THE WORKPLACE Study: Job stress is widespread
White-collar burnout is now the focus of much research.
RALEIGH NEWS & amp; OBSERVER
Unlike some of his former co-workers, Mike Hewitt still has a job. He also has a workload that has nearly doubled, a staff that struggles with morale problems, less time for his family and more worries in general.
Stress already costs U.S. businesses a fortune in lost workdays, lower productivity and worker's compensation claims: $300 billion a year, according to the American Institute of Stress. This year, as corporations tighten belts and trim jobs, expect even more employees to complain about migraine headaches, stomachaches, fatigue and other ailments linked to pressure on the job.
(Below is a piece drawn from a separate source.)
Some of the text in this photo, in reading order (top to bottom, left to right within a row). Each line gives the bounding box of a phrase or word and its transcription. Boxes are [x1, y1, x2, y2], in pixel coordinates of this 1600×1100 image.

"We're having people working harder doing the things that they're supposed to do, but experiencing less success than they had before, and that creates a lot of anxiety," said Hewitt, director of client services for Renaissance Worldwide, an information technology consulting firm in Cary, N.C.
Case in point: "When we were really busy and had a tough time keeping up with all the work coming in, I was probably working 40 hours a week," he recalled. "Now that business is down 15 percent, I'm working 60 hours a week."
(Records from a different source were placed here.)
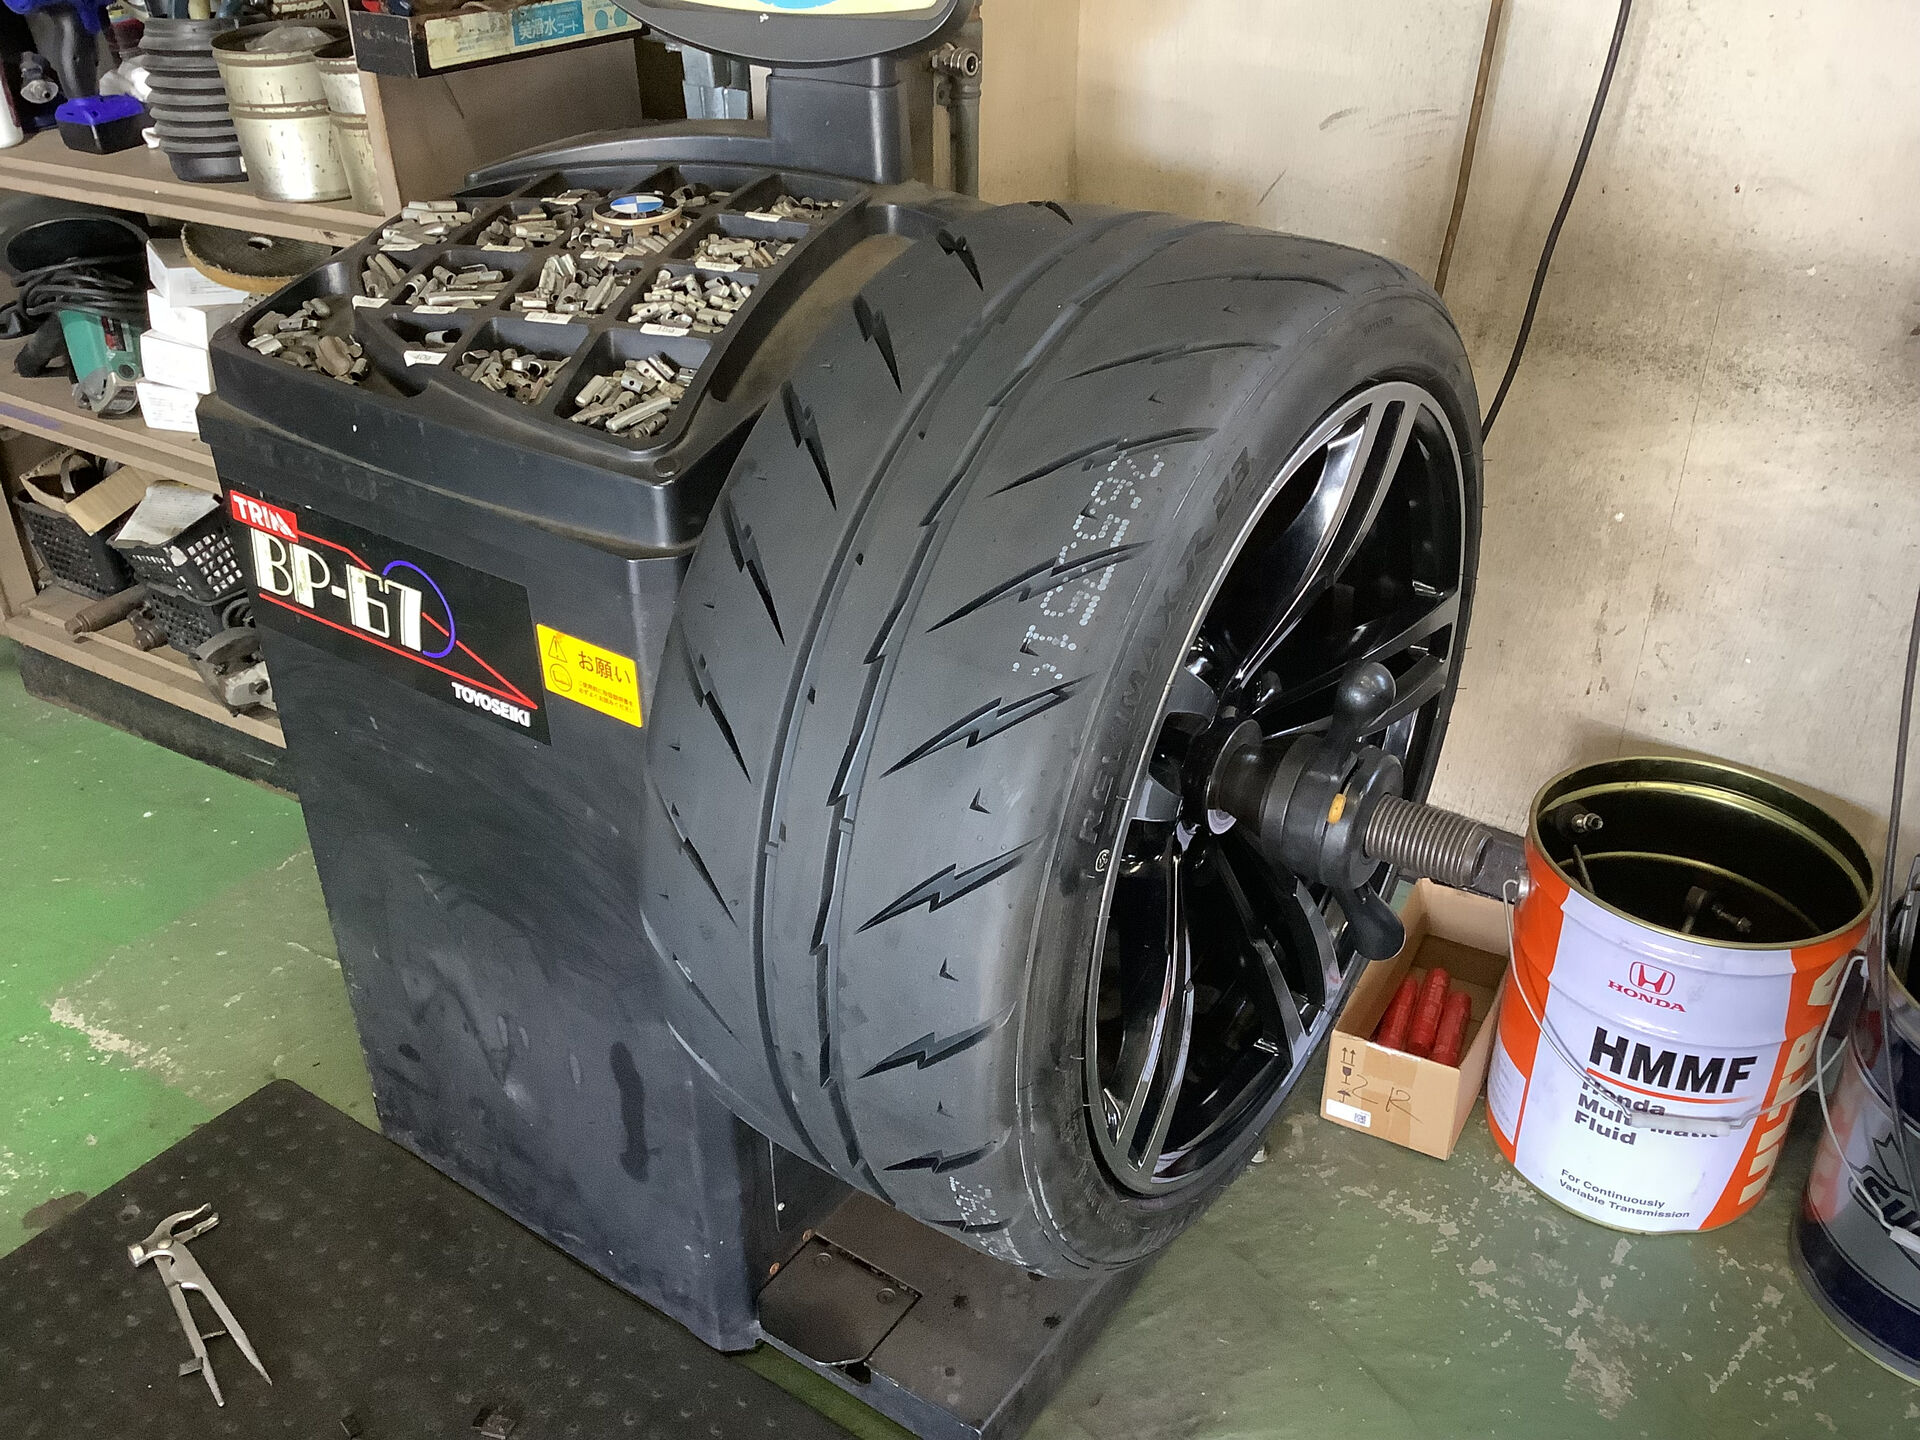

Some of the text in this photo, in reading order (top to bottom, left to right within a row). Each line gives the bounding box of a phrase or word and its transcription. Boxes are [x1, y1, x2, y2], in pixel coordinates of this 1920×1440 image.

[578, 650, 632, 685] お願い
[451, 681, 531, 728] TOYOSEIKI
[1608, 979, 1687, 1013] HONDA
[1589, 1025, 1759, 1094] HMMF
[1574, 1109, 1637, 1146] Fluid
[1559, 1178, 1690, 1219] Variable Transmission
[1561, 1168, 1666, 1209] For Continuously
Many of those hours are spent in the car as he battles traffic to cover for a manager at the company's Greensboro office who was laid off along with five other people in May. Hewitt's cellular phone bills, meanwhile, have soared from $120 to nearly $700 a month as he attends conference calls and sets up meetings from the car.
Recent study: A recent study by the Families and Work Institute in New York found that 28 percent of American employees often or very often feel overworked or overwhelmed by their workload. More than half of the people interviewed said they felt overworked at least sometimes in the past three months, and 44 percent that they're putting in more hours than they would like to work.
It's not a new problem, but it appears to be growing worse.
A 1999 survey by CCH, an Illinois provider of tax and business law information, found that the number of workers who called in sick because of stress nearly tripled between 1995 and 1999 even though overall absenteeism declined 7 percent during that time period. Stress is now considered an occupational hazard that can lead to cardiovascular disease, muscoskeletal disorders, diminished immune functions and a number of mental disorders if it goes unaddressed.
Meanwhile, many workers are putting in longer hours -- or additional hours away from the office -- as cellular phones, e-mail and other technology cut into the leisure time we once took for granted. One-fifth of American workers now work an average of 49 hours a week, according to the American Institute of Stress.
White-collar burnout: While some traditional jobs such as firefighting and law enforcement have always been associated with stress, much research is now focused on the white-collar burnout that increased during the 1990s boom years. White-collar workers are absent from work more often due to stress than blue-collar and service workers combined, according to a 1999 Bureau of Labor Statistics report. The finance, real estate and insurance sectors were most prone to stress.
The federal government doesn't track how many hours professional and managerial employees put in, because they don't get overtime pay. But there's plenty of anecdotal evidence that many Americans work longer days today than they used to, said Michael Wald, an economist with the Bureau of Labor Statistics in Atlanta.
"And there are good indications that longer hours of work is associated with higher levels of stress," said Naomi Swanson, who leads the Work Organization and Stress Research Section at the National Institute of Occupational Safety and Health in Cincinnati.
So what's going on -- and why are we putting up with it?
"The climate at work has changed," said John Drake, founder of the human-resources consulting giant Drake Beam Morin and a former workaholic who wrote a book titled "Downshifting -- How to Work Less and Enjoy Life More" (Berrett-Koehler Publishers, $15.95).
"The attitude used to be that if you kept your nose clean and did your work, you had a job for life," Drake said. "Now the idea of a permanent job is an oxymoron. It doesn't matter how good you are, you could still be gone tomorrow, and that puts a lot of pressure on people."